Was nun kommt ist ein eingeübtes Ritual. Es hat im weitesten Sinne mit dem zu tun, was man aus anderen Restaurants kennt. Aber diesen Unterschied, den will ich hier nicht beschreiben, nicht zergliedern. Das, was die Sinne so betört, will ich hier nicht zerreden. Vielleicht hier nur so viel: was immer sie tun, bestellen sie sich mehrere Gänge, verzichten sie nicht auf das Dessert.
Nehmen sie sich Zeit. Wundern sie sich nicht. Das, was sie ausfüllt ist mit Sonnenschein noch zu gelinde umschrieben. Verschwenden sie diese Momente nicht durch Einsamkeit.

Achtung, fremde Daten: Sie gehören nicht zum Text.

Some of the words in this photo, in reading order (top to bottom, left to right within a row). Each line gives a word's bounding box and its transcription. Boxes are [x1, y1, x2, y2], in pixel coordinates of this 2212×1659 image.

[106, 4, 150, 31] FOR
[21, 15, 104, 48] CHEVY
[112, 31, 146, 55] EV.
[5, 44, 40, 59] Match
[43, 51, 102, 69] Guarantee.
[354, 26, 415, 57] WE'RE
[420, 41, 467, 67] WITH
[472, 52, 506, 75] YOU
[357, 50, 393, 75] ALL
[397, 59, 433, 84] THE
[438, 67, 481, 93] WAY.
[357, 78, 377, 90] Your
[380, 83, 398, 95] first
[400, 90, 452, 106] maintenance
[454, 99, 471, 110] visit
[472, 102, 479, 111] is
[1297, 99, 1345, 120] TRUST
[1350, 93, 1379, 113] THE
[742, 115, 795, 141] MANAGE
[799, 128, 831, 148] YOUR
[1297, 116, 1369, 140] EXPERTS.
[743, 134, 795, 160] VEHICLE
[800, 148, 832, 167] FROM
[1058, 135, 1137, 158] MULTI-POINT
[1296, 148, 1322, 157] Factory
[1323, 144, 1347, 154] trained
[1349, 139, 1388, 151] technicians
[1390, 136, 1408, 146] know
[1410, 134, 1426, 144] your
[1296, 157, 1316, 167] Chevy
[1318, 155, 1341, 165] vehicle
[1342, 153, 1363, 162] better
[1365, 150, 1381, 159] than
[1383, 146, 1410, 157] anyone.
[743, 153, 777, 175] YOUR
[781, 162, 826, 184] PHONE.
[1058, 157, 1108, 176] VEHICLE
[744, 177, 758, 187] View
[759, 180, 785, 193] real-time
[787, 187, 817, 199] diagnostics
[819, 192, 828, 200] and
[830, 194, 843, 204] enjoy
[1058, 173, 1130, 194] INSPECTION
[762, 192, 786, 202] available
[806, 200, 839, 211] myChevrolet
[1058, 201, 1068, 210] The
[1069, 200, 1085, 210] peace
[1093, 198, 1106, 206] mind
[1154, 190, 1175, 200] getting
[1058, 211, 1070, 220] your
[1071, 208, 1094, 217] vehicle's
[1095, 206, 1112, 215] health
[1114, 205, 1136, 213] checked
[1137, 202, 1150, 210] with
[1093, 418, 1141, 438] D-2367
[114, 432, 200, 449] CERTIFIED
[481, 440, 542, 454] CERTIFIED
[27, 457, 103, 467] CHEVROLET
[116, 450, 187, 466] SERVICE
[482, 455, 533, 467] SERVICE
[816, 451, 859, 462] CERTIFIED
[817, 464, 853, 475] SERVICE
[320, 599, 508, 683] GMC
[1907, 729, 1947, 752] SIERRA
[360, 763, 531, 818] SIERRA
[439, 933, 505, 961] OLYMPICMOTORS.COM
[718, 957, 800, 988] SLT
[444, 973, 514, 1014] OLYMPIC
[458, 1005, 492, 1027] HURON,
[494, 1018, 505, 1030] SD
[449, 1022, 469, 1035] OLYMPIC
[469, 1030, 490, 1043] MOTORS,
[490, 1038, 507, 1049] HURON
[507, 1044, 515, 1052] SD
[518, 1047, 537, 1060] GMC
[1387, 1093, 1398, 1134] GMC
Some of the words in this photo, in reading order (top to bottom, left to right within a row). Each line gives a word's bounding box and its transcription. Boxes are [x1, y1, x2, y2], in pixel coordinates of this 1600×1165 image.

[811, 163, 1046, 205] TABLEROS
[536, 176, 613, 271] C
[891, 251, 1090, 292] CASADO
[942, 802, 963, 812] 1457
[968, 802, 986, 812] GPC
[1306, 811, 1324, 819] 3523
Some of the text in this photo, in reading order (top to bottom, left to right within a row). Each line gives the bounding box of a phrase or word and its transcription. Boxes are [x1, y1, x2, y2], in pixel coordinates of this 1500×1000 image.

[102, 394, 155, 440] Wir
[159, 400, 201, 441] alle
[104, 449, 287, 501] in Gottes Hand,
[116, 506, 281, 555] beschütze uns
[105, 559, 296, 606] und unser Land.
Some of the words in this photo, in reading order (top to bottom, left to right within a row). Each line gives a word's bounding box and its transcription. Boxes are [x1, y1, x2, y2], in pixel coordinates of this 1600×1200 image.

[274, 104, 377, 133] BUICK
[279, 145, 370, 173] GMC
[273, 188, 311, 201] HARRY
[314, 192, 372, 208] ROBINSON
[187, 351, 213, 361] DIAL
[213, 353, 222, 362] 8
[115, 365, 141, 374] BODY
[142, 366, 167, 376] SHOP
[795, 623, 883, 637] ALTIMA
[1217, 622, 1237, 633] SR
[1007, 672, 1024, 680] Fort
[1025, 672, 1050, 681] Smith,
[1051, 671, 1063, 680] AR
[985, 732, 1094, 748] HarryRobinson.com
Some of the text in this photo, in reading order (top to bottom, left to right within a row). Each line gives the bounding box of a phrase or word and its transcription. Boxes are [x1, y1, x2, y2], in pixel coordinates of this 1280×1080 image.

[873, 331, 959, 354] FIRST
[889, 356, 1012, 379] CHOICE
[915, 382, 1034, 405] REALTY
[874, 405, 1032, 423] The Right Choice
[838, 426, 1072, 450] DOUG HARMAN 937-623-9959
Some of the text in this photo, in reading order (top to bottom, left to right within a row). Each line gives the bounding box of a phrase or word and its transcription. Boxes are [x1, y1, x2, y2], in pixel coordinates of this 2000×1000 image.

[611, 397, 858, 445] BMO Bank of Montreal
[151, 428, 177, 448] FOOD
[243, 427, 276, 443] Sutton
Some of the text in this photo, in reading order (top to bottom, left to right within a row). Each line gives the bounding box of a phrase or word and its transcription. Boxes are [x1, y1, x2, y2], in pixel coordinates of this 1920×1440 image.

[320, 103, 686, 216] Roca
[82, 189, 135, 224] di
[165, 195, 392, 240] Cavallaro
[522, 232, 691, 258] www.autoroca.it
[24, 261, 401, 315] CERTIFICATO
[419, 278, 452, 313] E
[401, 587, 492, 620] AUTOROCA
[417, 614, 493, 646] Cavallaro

Wundern sie sich nicht, denn gute Gespräche bedürfen zumeist nicht nur eines interessanten Gegenübers, sondern auch einer vielschichtigen Grundlage. Wundern sie sich nicht, denn auf einmal werden die ungeahnten Sinneseindrücke ihren Mund mit Worten füllen, die selten in ihm Platz genommen haben. Wundern sie sich nicht über die Eleganz des Dialogs, die neuen Strände, die sie im Gespräch betreten. Es ist – wie schon gesagt – eine Reise ohne Zeit und Raum.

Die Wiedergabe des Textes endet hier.